How say you, Signor Gremio?

:15:06
- I am agreed. There must be such a man.
- Yes.

:15:11
I would give the best horse in Padua
:15:13
to whoever would thoroughly woo her,
wed her, bed her, and rid the house of her.

:15:17
There must be such a man.
:15:20
There must be such a man.
:15:27
- There must be such a man.
- Out of my path!

:15:33
- O, Grumio!
- Huh?

:15:36
Here, sirrah Grumio, knock, I say.
:15:39
Knock, sir? Whom should I knock?
:15:42
Aha!
:15:43
Is there any man has rebused your worship?
:15:45
Villain, I say, knock me here soundly.
:15:48
Knock you where, sir?
:15:50
Knock me at my friend Hortensio's gate,
And rap me well, or I'll knock your knave's pate.

:15:56
Ah!

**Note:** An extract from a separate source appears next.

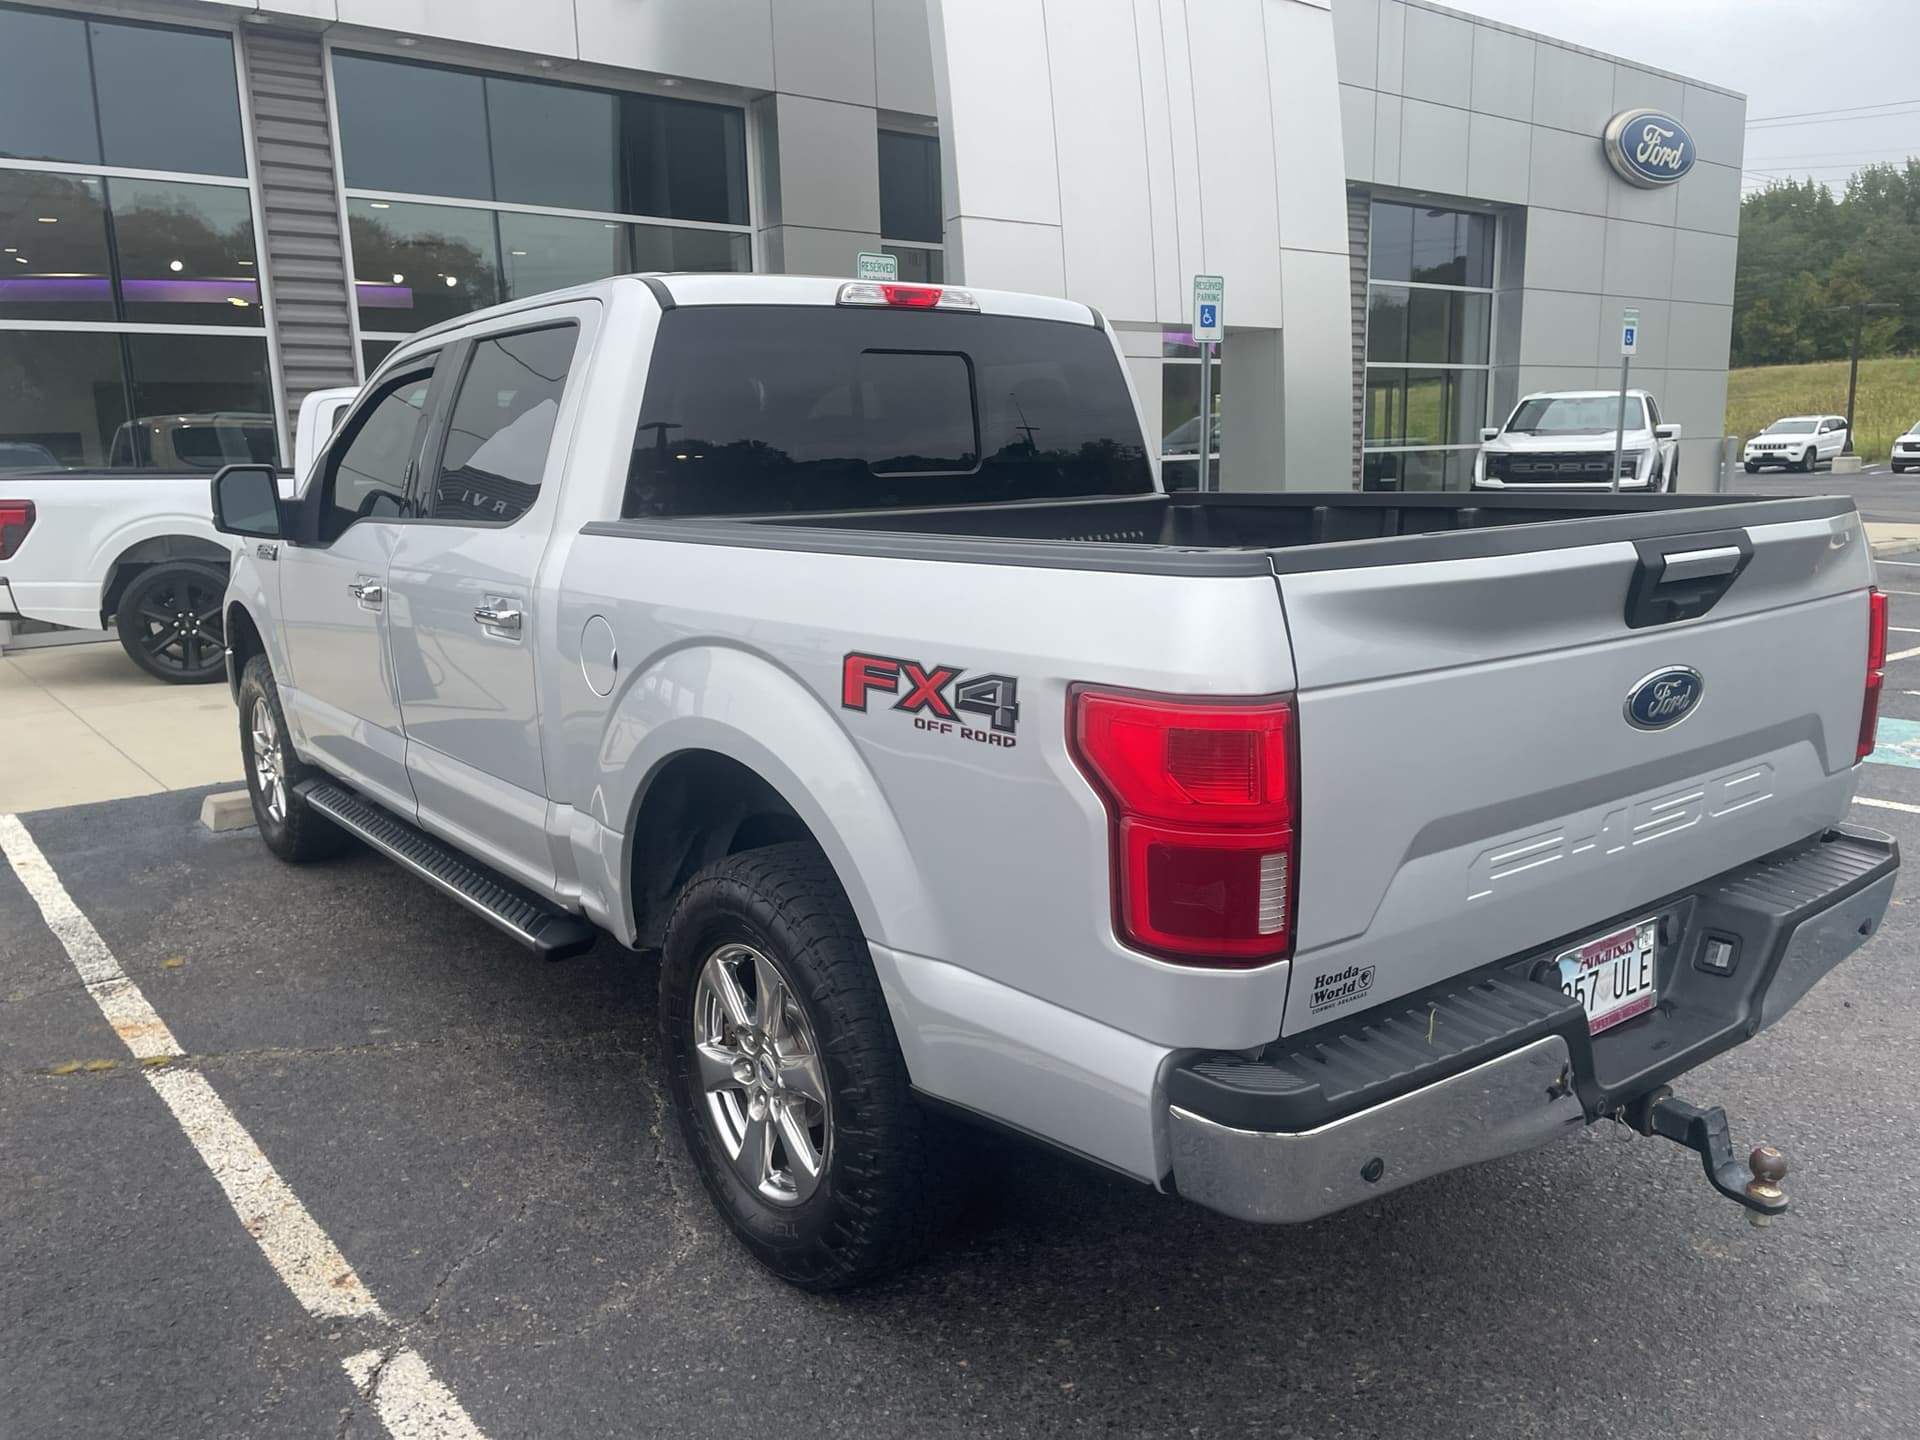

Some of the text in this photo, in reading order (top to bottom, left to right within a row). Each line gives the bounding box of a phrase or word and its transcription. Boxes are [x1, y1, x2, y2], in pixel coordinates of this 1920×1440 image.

My master is grown quarrelsome.
:15:58
I should knock you first,
And then I know after who comes by the worst.

:16:02
Sirrah, will you not knock? Or I'll ring it.
:16:05
- Masters! Help, masters! My master is mad.
- Ring when I tell you.

:16:10
Masters!
:16:16
Hortensio. Ah!
Well met, my dearest friend, Hortensio.

:16:23
Petruchio!
:16:26
What's the matter?
:16:28
Rise, Grumio, rise.
:16:30
If this be not a lawful cause
for me to leave his service, look you, sir.

:16:34
He bid me knock...
:16:36
Senseless villain. Signor Hortensio,
I bade this rascal knock upon my gate,

:16:41
- And could not for my heart get him to do it.
- Knock at the gate? O heavens!

:16:44
Spake you not the words plain,
''Knock me here...''?

:16:47
Sirrah, be gone, or talk not, I advise you.
:16:50
Signor Petruchio, what happy gale
Blows you to Padua here from old Verona?

:16:55
You and your trusty, pleasant servant Grumio.